I have a total of 10 hens. 6 are just coming up on 1 year of age next month and the other 4 are another season older. We keep them separate, as the 4 were mean to the "babies" and integration attempts did not go well. The 4 are supposed to be all from the same "lines" of Black Copper Marans, though only 2 have the appropriate coloring. One is almost completely black and the other is a beautiful red. It took them FOREVER to finally lay at all, and they did so suddenly last winter. I don't remember exactly, but they were 30-something weeks by then and I found my first, frozen egg last Feb. 

Both sets of hens went through a molt in the fall. The "babies" had a brief egg hiatus then, though only my EEs were even laying by then anyway. As of now, all babies (3 EEs and 3 Cuckoo Maran) are laying regularly. The "big girls" (who are, ironically, smaller) have never gone back to laying. They get the same layer pellets, the same table scraps, the same sun, etc... they went through a pretty intense molt, and just never came back. All of their combs are paler, still, even though they are re-feathered. Lucy, my red hed, is missing tail feathers, still, but she's low girl on the pecking order, too. Last I checked, I saw no mites on them.

 

What else can we do? Supplements? Something else to look for? They used to have beautiful eggs and they seem much too young to have just quit like this.I even gave them the benefit of the doubt and gave them through winter, but it's been consistently warm here and still, nothing. 

post #2 of 5

I'd suspect worms as their combs are pale and a heavy load of worms will impact their laying. I normally take a "representative" sample of their poo - mix it up from a few birds - to my vet to do a fecal test to be sure. That way I know what type of worm I'm dealing with and can get the right meds. Any vet can do a fecal on chickens, doesn't have to be an avian vet.

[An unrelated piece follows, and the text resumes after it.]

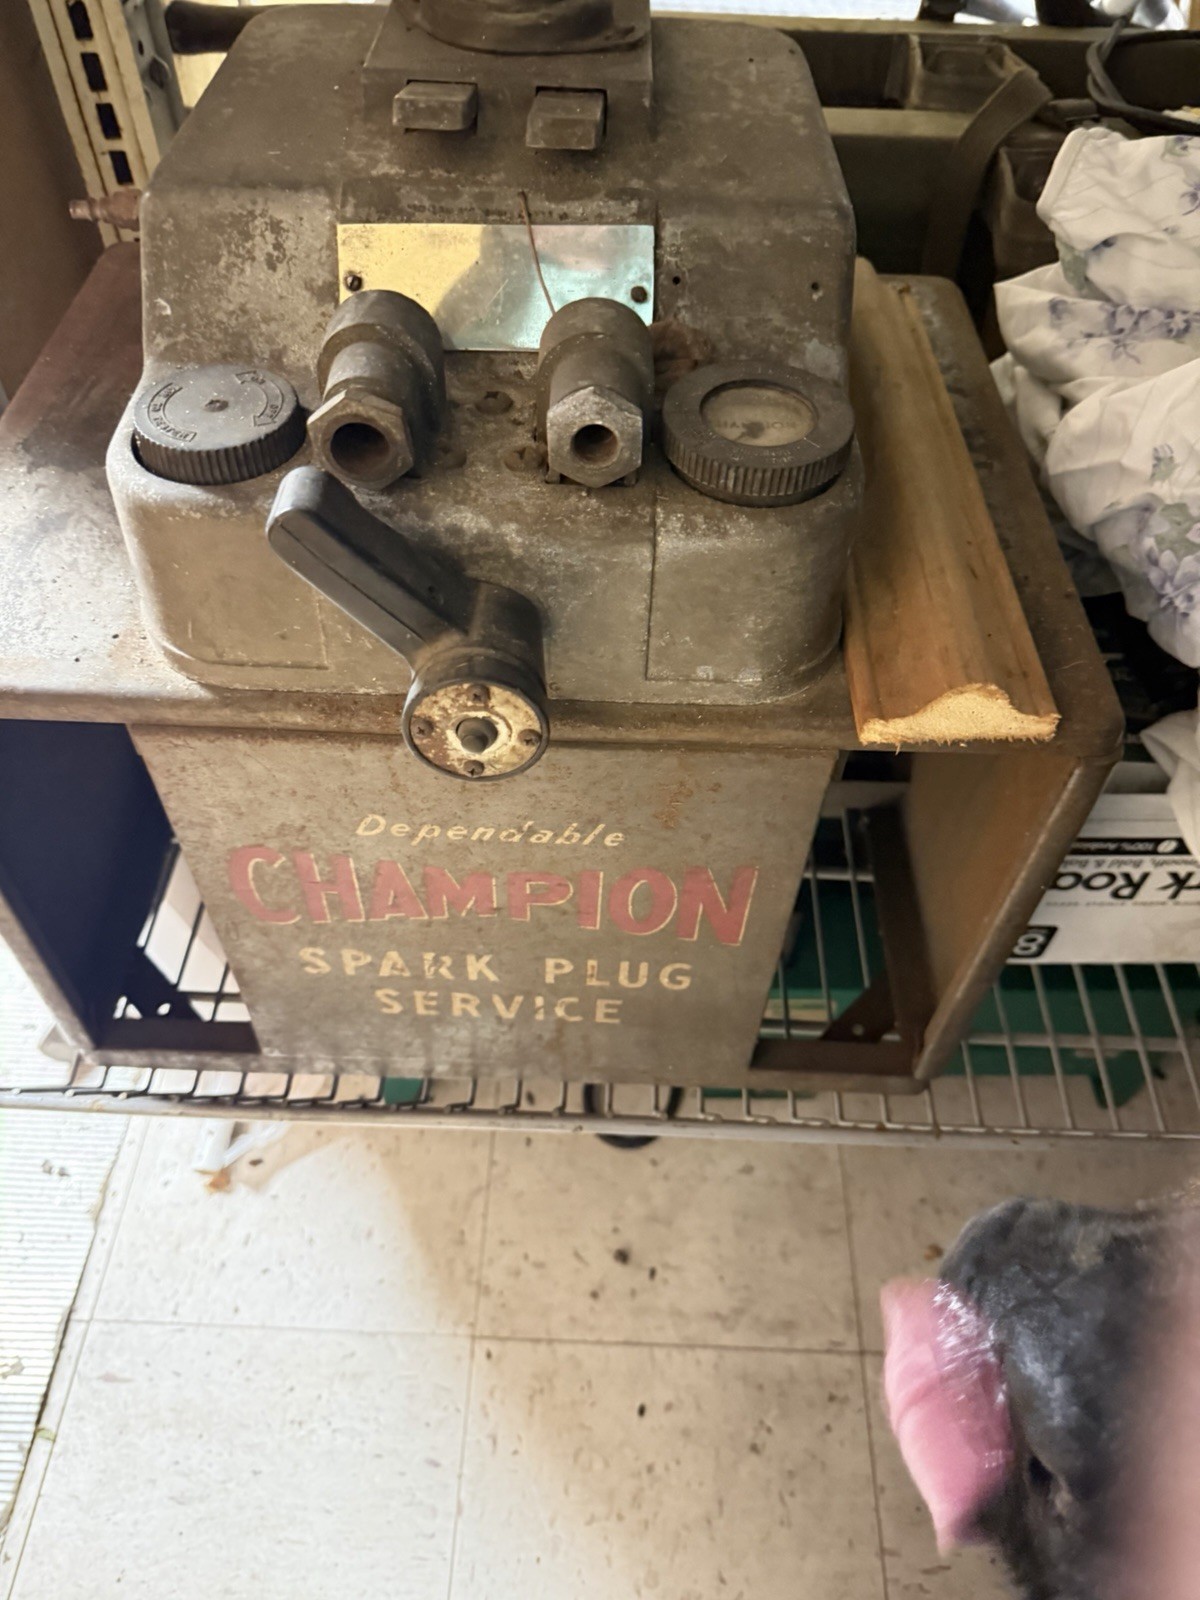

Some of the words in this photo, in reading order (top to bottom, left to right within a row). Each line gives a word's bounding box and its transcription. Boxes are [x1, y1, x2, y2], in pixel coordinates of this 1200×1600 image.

Two old people and two young-adult children. One rescued black and tan American Coon Hound, and a Boston terrier/Chihuahua mix puppy. RIP "Buster Brown", best chocolate lab ever 6/29/02 - 3/31/14. Home of "The Best Mouser In The World", Lily, a calico cat that adopted us. 1 BSL, 1 Delaware, 1 Buff Orp, 2 Barred Rocks, 1 EE in the coop. 3 Barred Rocks and 3 SLW's in the brooder. The construction...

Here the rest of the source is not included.